Yamaha had been making parallel twins for 18 years when the extra weight of the 1976 RD400′s 64mm pistons finally became too much. Many of us know that Yamaha engineer Masao Furusawa turned the company’s MotoGP program around in 2004, but less well known is the fact that it was this same vibration specialist who created the rubber mounting system for the RD400. A single-plane system like Isolastic could not work for the RD, because its engine also rocked like a double-bladed kayak paddle in vigorous use.
For a time, the big four-stroke literbikes were protected from their own vibration by being so heavy. Vibratory excursion depends on the ratio of the engine’s total weight to its reciprocating weight: pistons, rings, wrist pin, and the small end of the con-rod. Their rpm was limited as well, by their roller crankshafts being pressed together. As Rob “Mr. Superbike” Muzzy said in 1982, “With this engine [a Z1-based Kawasaki] things start to go bad in a hurry at eleven.”
Why didn’t those big engines travel the time-honored road to the ever-bigger bores and shorter strokes that would reduce piston acceleration and permit higher revs? It was because those engines were air-cooled, which sadly means not very well cooled. In those days before piston-cooling oil jets, the bigger you made the piston, the hotter the center of its crown operated and the closer it was to failure. The very same problems affected the air-cooled Wright R-3350 radial engines that powered the B-29 bomber in World War II. Their pistons suffered all the ills of excessive operating temperature: scoring, detonation, sagged ring lands, broken or stuck rings, and seizure. No surprise that piston-cooling oil jets were quickly adopted once they were made to work on aircraft piston engines.
As soon as water-cooling was widely adopted in bike engines, and with piston temperature under control, big bore/short stroke became a reliable option. Revs were free to shoot up. Vibratory force increases with the square of rpm, so pretty soon designers were penciling in gear-driven balancers and arguing for them in the endless meetings that are the bane of engineering work. Having a good idea is just the beginning. Then come the politics!
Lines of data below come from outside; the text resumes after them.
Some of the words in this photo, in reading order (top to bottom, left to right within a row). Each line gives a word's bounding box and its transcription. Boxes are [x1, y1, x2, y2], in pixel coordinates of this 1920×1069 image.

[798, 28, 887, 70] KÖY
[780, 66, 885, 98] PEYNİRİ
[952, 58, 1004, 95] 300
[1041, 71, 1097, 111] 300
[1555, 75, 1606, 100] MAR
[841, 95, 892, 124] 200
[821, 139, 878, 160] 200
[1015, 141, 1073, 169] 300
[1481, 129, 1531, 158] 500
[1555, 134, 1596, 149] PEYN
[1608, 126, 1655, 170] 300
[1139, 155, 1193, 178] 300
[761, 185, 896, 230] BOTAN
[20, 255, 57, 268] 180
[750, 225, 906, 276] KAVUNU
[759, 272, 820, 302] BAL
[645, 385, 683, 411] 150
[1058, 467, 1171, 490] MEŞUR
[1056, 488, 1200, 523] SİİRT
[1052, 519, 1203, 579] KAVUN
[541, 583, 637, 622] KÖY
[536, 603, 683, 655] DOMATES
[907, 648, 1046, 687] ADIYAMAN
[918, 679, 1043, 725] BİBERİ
In the “tween years” separating the big air-cooled literbikes and their twice-as-powerful water-cooled descendants, some strange excesses took place. Not only were engines rubber mounted, but seats, bars, and pegs were smothered in rubber as well. As I can see from my son’s CB900F, if you pile up the parts made necessary by all this rubberizing, it is a great many pounds. Add to that the extent to which the frame and other structural parts had to be made heavier to survive vibratory fatigue and you have many times the weight of any gear-driven balancer. Figure the extra power needed to get all those extra parts moving and you are losing far more power than is consumed by the tiny friction of a balancer shaft and its gear pair.
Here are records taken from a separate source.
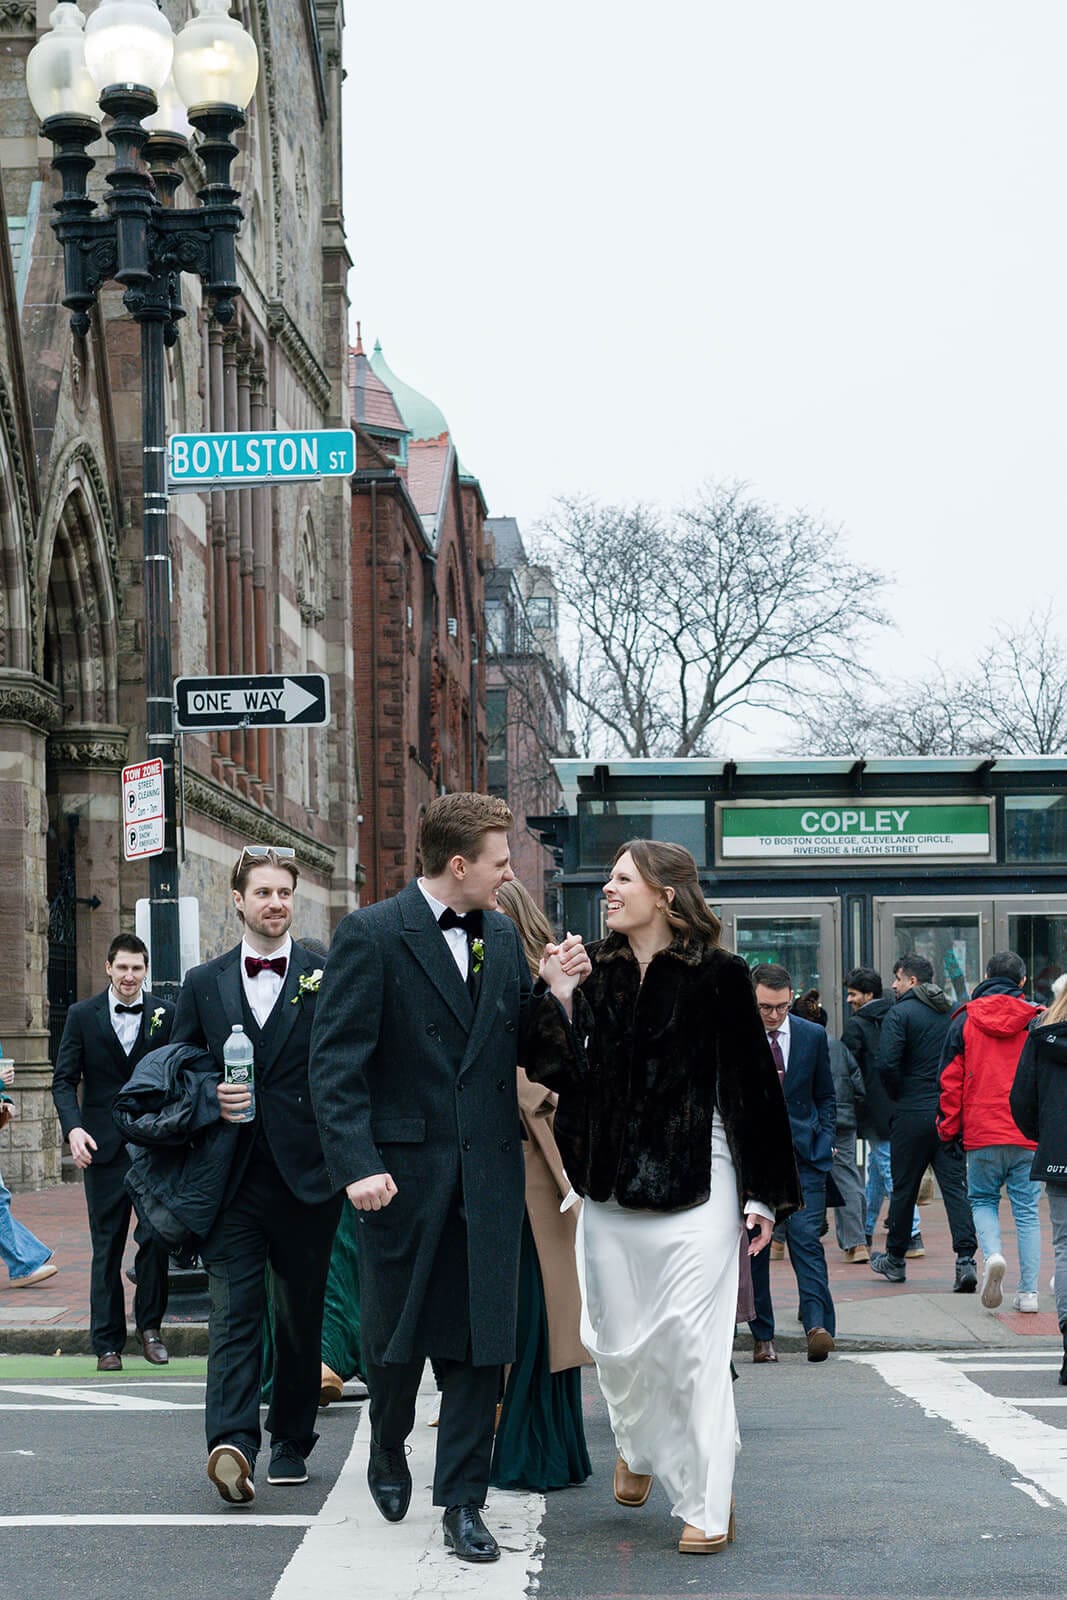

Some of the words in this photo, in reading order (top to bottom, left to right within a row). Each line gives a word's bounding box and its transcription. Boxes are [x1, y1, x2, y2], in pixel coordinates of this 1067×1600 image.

[174, 438, 318, 473] BOYLSTON
[329, 451, 347, 469] ST
[193, 693, 232, 711] ONE
[244, 691, 284, 709] WAY
[125, 768, 140, 781] TOW
[142, 763, 160, 777] ZONE
[138, 779, 154, 790] STREET
[138, 788, 160, 800] CLEANING
[801, 810, 910, 833] COPLEY
[760, 837, 772, 845] TO
[774, 837, 812, 845] BOSTON
[814, 836, 860, 845] COLLEGE,
[861, 836, 915, 844] CLEVELAND
[917, 835, 954, 844] CIRCLE,
[793, 846, 841, 854] RIVERSIDE
[884, 845, 919, 853] STREET
Go Faster on Skinny Tires?
When I first got involved with 125cc racing the Europeans insisted that you must fit the very smallest possible tires to your machine, as any extra rubber reduced top speed. Then we found things were different on our home track, Loudon, New Hampshire’s 10 turns in 1.6 miles. There, extra grip raised corner speed and dropped lap time. Maybe the skinny tires helped on the few long European straightaways, and with limited power. Not at Loudon. And so it turned out to be with 250s as their power increased. The ancient TD1-B of 1965 rolled on 2.75 x 18F, 3.00 rear, but by the time the 250cc two-strokes left the Grand Prix scene in 2009 they were wearing the same rim widths and tire sizes as TZ750s (and they were making roughly 10 hp more than those first TZ750As).
The same game was played at top level. The tires at Daytona for the 1972 200-miler were the same-old, same-old; narrow and hard. But Suzuki and Kawasaki had brought new bikes with revolutionary power, 90 to 110 hp. They made short work of the tires and the race was won, that year and the next, by light, easy-on-tires Yamaha 350 twins. Narrow tires boost top speed? Maybe in some other world than the one we know, but down here Dunlop’s Tony Mills got busy drawing much larger-section tires with a round profile. To keep “centrifugal force” from expanding them until they rubbed the insides of the fenders, he wrapped them with an under-tread belt. To reduce heating, he made the tread surface almost slick, molding in just a few little squiggles to prevent conservative AMA officials from suffering apoplexy at the sight. By late season ’73, the Goodyear men were handing out actual slicks to certain users—”for evaluation.” Bang, roadracing tires were 100 percent big slicks overnight, and rims and tires for streetbikes gained width with just enough tread pattern to say so.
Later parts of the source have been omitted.